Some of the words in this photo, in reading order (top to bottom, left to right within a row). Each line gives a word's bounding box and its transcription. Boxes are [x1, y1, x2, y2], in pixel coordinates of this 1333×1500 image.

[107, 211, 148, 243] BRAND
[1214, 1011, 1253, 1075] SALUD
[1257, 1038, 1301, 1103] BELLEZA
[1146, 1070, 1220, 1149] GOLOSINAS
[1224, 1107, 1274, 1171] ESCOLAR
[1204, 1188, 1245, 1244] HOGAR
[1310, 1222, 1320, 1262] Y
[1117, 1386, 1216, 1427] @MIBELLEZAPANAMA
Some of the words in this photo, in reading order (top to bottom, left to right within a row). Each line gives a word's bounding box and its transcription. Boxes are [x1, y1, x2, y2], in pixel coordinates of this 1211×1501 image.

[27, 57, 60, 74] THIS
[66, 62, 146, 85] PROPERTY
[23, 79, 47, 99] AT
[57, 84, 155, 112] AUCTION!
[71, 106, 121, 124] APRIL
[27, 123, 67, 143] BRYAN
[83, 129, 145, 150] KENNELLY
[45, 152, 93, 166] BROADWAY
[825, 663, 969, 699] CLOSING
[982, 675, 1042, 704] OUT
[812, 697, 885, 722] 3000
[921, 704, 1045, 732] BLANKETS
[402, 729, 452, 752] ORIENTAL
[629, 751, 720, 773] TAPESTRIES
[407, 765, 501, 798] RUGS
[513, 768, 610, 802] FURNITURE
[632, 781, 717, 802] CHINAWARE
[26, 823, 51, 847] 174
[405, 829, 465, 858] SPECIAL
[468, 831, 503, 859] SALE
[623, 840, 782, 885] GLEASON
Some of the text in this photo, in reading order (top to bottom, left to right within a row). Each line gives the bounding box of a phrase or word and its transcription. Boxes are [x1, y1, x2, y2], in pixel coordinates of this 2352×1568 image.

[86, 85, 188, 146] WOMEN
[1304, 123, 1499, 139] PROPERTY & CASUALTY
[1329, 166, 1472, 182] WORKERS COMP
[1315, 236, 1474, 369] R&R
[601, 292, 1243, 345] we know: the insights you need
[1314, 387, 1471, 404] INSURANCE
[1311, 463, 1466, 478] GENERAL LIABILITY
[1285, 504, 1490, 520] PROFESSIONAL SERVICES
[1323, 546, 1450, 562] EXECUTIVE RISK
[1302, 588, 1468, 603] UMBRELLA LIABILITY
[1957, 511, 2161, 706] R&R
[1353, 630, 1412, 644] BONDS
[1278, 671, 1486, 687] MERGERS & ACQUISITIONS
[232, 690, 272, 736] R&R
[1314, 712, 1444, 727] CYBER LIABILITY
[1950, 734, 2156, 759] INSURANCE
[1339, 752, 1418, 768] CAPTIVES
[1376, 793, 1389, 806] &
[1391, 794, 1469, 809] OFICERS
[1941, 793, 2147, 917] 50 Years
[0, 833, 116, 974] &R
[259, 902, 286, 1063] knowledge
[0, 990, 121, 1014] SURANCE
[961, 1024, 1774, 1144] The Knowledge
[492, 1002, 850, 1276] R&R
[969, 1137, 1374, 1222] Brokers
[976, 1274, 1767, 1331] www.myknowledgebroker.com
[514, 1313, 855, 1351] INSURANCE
□ □ □
→ PROBLEM REQUIREMENTS: Reproduce only the lines from the line containing "Some of the text" to the last line of the material above, both of those lines included.

→ SOLUTION FOR THIS TASK:
Some of the text in this photo, in reading order (top to bottom, left to right within a row). Each line gives the bounding box of a phrase or word and its transcription. Boxes are [x1, y1, x2, y2], in pixel coordinates of this 2352×1568 image.

[86, 85, 188, 146] WOMEN
[1304, 123, 1499, 139] PROPERTY & CASUALTY
[1329, 166, 1472, 182] WORKERS COMP
[1315, 236, 1474, 369] R&R
[601, 292, 1243, 345] we know: the insights you need
[1314, 387, 1471, 404] INSURANCE
[1311, 463, 1466, 478] GENERAL LIABILITY
[1285, 504, 1490, 520] PROFESSIONAL SERVICES
[1323, 546, 1450, 562] EXECUTIVE RISK
[1302, 588, 1468, 603] UMBRELLA LIABILITY
[1957, 511, 2161, 706] R&R
[1353, 630, 1412, 644] BONDS
[1278, 671, 1486, 687] MERGERS & ACQUISITIONS
[232, 690, 272, 736] R&R
[1314, 712, 1444, 727] CYBER LIABILITY
[1950, 734, 2156, 759] INSURANCE
[1339, 752, 1418, 768] CAPTIVES
[1376, 793, 1389, 806] &
[1391, 794, 1469, 809] OFICERS
[1941, 793, 2147, 917] 50 Years
[0, 833, 116, 974] &R
[259, 902, 286, 1063] knowledge
[0, 990, 121, 1014] SURANCE
[961, 1024, 1774, 1144] The Knowledge
[492, 1002, 850, 1276] R&R
[969, 1137, 1374, 1222] Brokers
[976, 1274, 1767, 1331] www.myknowledgebroker.com
[514, 1313, 855, 1351] INSURANCE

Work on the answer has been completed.